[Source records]

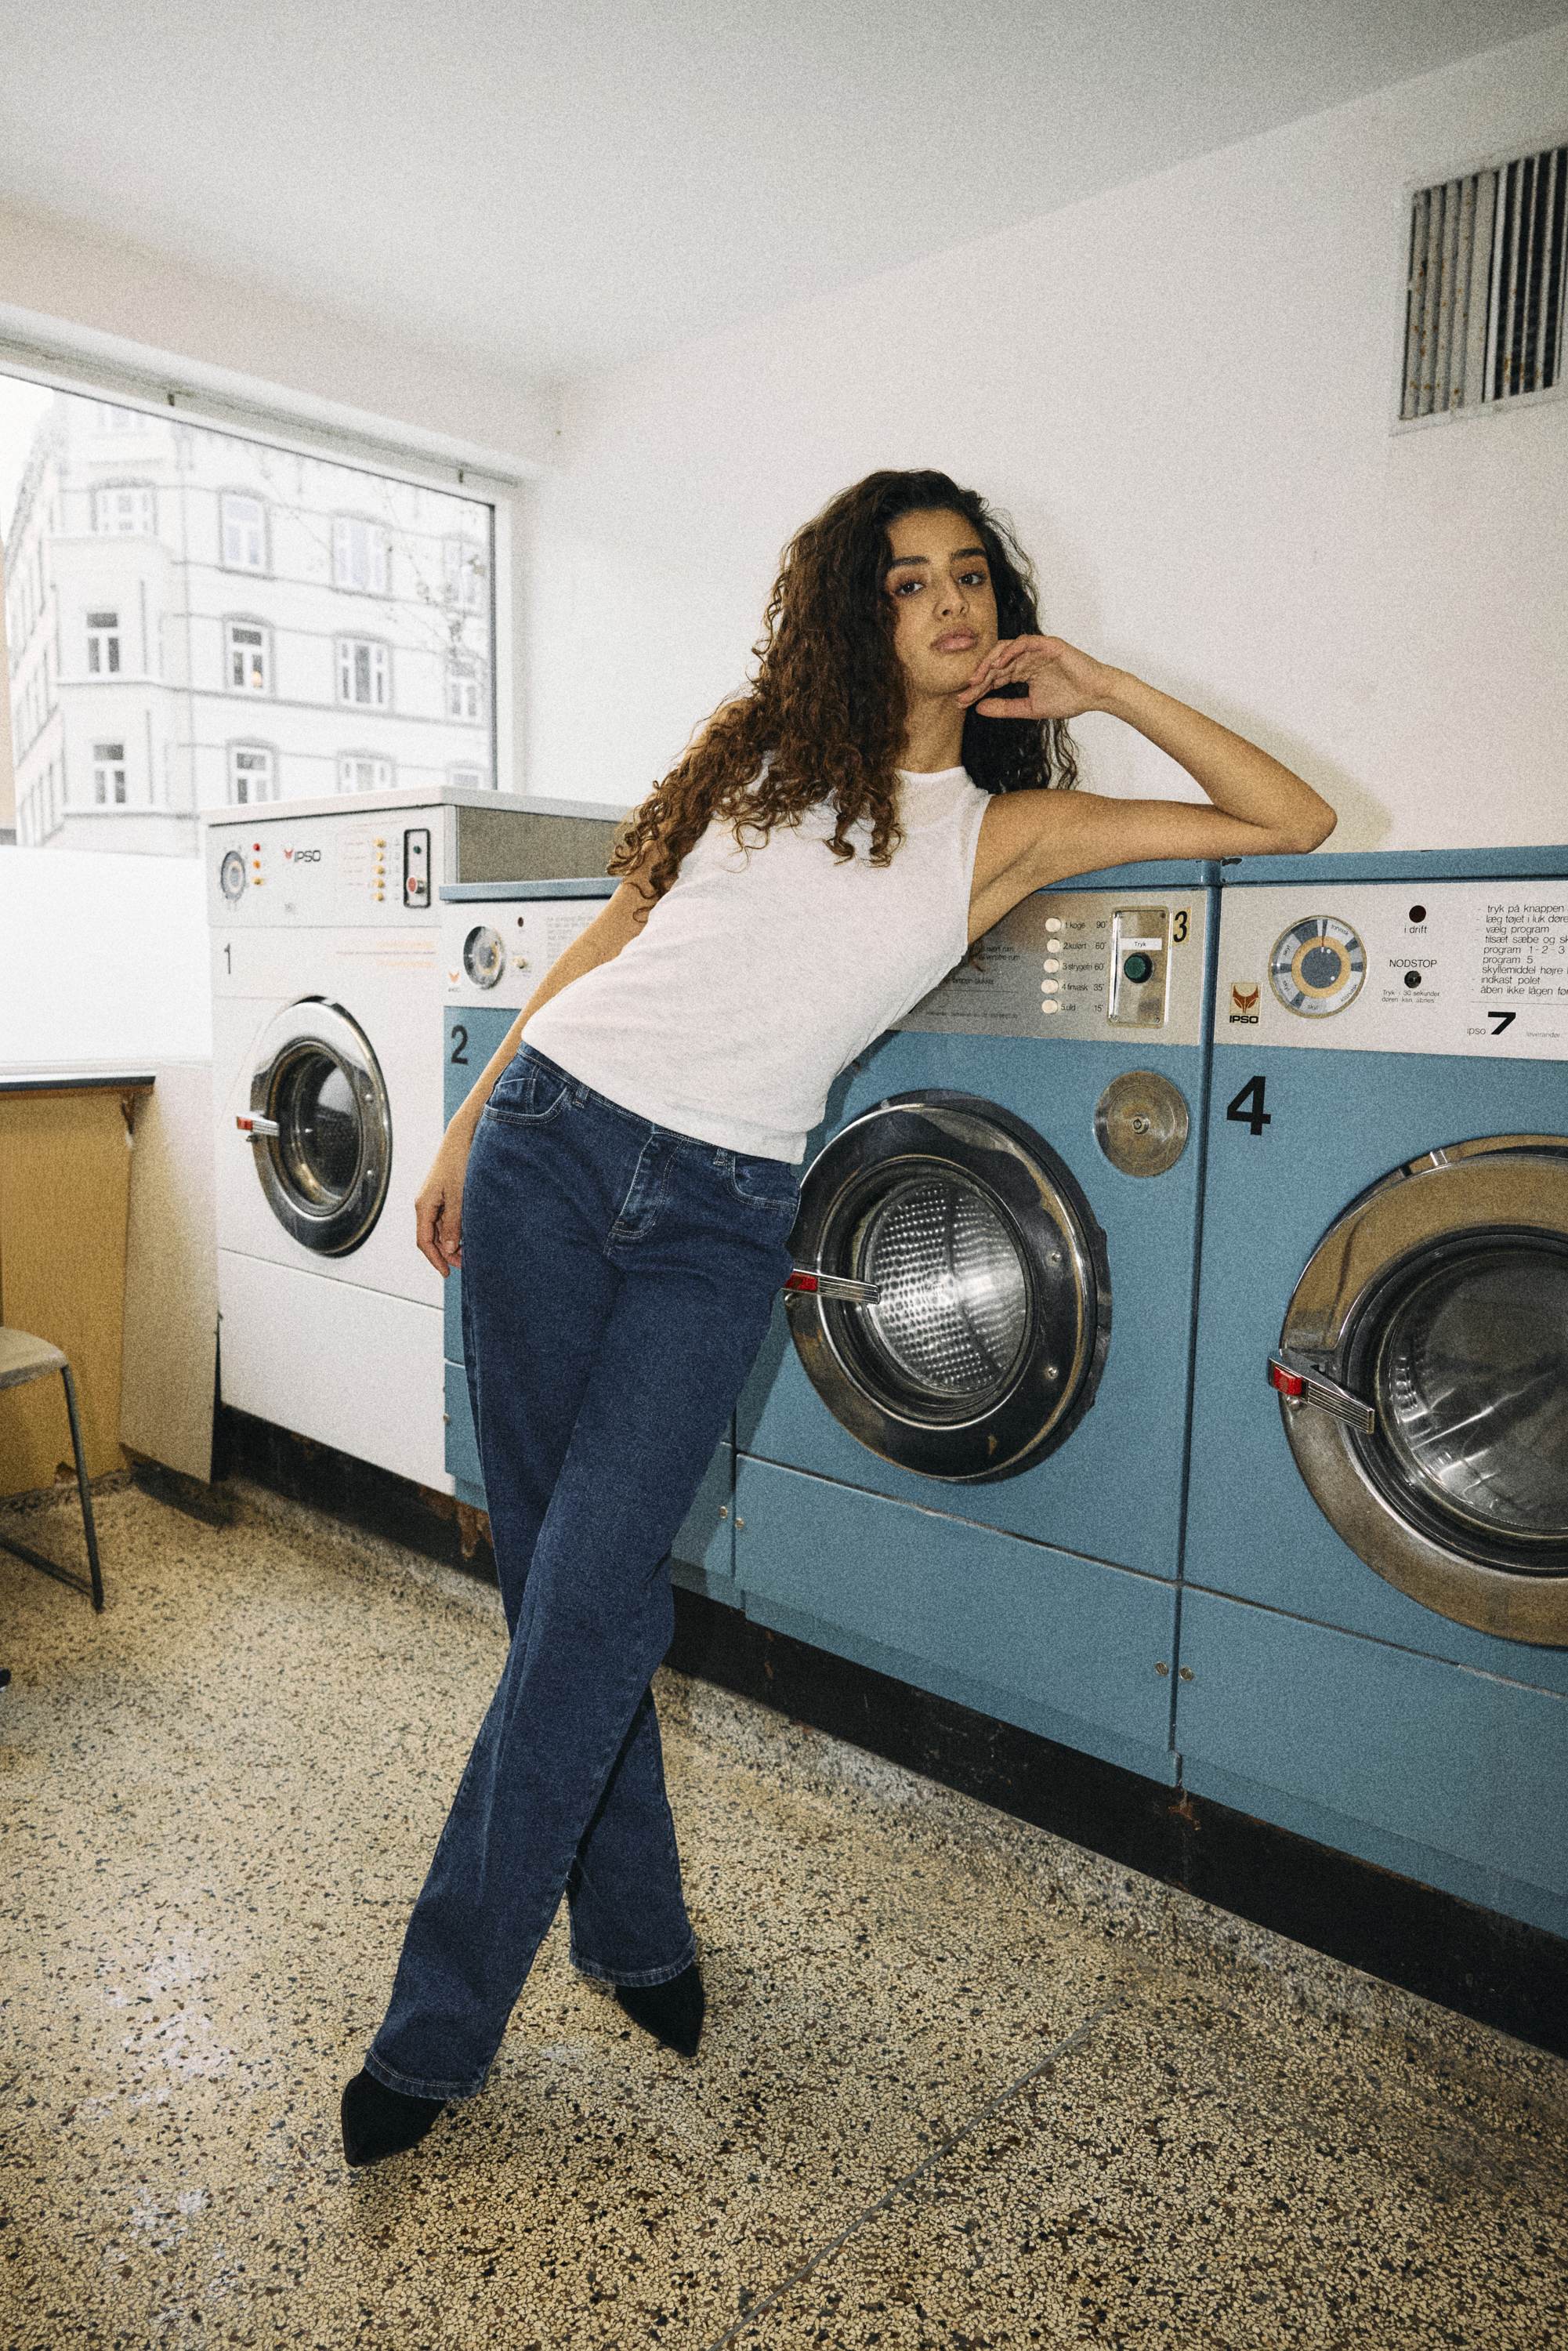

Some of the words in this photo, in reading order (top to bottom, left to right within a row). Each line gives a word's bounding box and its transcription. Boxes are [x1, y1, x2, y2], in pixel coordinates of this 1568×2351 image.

[295, 849, 320, 862] IPSO
[1487, 904, 1505, 915] tryk
[1508, 904, 1519, 914] på
[1523, 904, 1565, 914] knappen
[1486, 915, 1503, 925] læg
[1505, 915, 1524, 924] tøjet
[1532, 915, 1545, 923] luk
[1173, 911, 1188, 943] 3
[1409, 926, 1428, 934] drift
[1486, 926, 1507, 935] vælg
[1511, 926, 1550, 935] program
[1485, 935, 1508, 944] tilsæt
[1512, 935, 1539, 944] sæbe
[1543, 936, 1555, 945] og
[1483, 946, 1522, 955] program
[223, 944, 231, 975] 1
[1483, 956, 1521, 965] program
[1526, 955, 1534, 964] 5
[1482, 965, 1536, 975] skyllemiddel
[1541, 966, 1564, 976] højre
[1481, 975, 1512, 984] indkast
[1518, 976, 1541, 985] polet
[1480, 985, 1504, 994] åben
[1506, 986, 1525, 994] ikke
[1528, 986, 1553, 997] lågen
[1229, 1015, 1259, 1024] IPSO
[1467, 1027, 1487, 1036] ipso
[1487, 1011, 1517, 1035] 7
[451, 1024, 469, 1065] 2
[1226, 1075, 1272, 1136] 4

» AIM OF THE TASK
This task asks for the data above repeated exactly, without a single picture.

» ANSWER BELOW
Some of the words in this photo, in reading order (top to bottom, left to right within a row). Each line gives a word's bounding box and its transcription. Boxes are [x1, y1, x2, y2], in pixel coordinates of this 1568×2351 image.

[295, 849, 320, 862] IPSO
[1487, 904, 1505, 915] tryk
[1508, 904, 1519, 914] på
[1523, 904, 1565, 914] knappen
[1486, 915, 1503, 925] læg
[1505, 915, 1524, 924] tøjet
[1532, 915, 1545, 923] luk
[1173, 911, 1188, 943] 3
[1409, 926, 1428, 934] drift
[1486, 926, 1507, 935] vælg
[1511, 926, 1550, 935] program
[1485, 935, 1508, 944] tilsæt
[1512, 935, 1539, 944] sæbe
[1543, 936, 1555, 945] og
[1483, 946, 1522, 955] program
[223, 944, 231, 975] 1
[1483, 956, 1521, 965] program
[1526, 955, 1534, 964] 5
[1482, 965, 1536, 975] skyllemiddel
[1541, 966, 1564, 976] højre
[1481, 975, 1512, 984] indkast
[1518, 976, 1541, 985] polet
[1480, 985, 1504, 994] åben
[1506, 986, 1525, 994] ikke
[1528, 986, 1553, 997] lågen
[1229, 1015, 1259, 1024] IPSO
[1467, 1027, 1487, 1036] ipso
[1487, 1011, 1517, 1035] 7
[451, 1024, 469, 1065] 2
[1226, 1075, 1272, 1136] 4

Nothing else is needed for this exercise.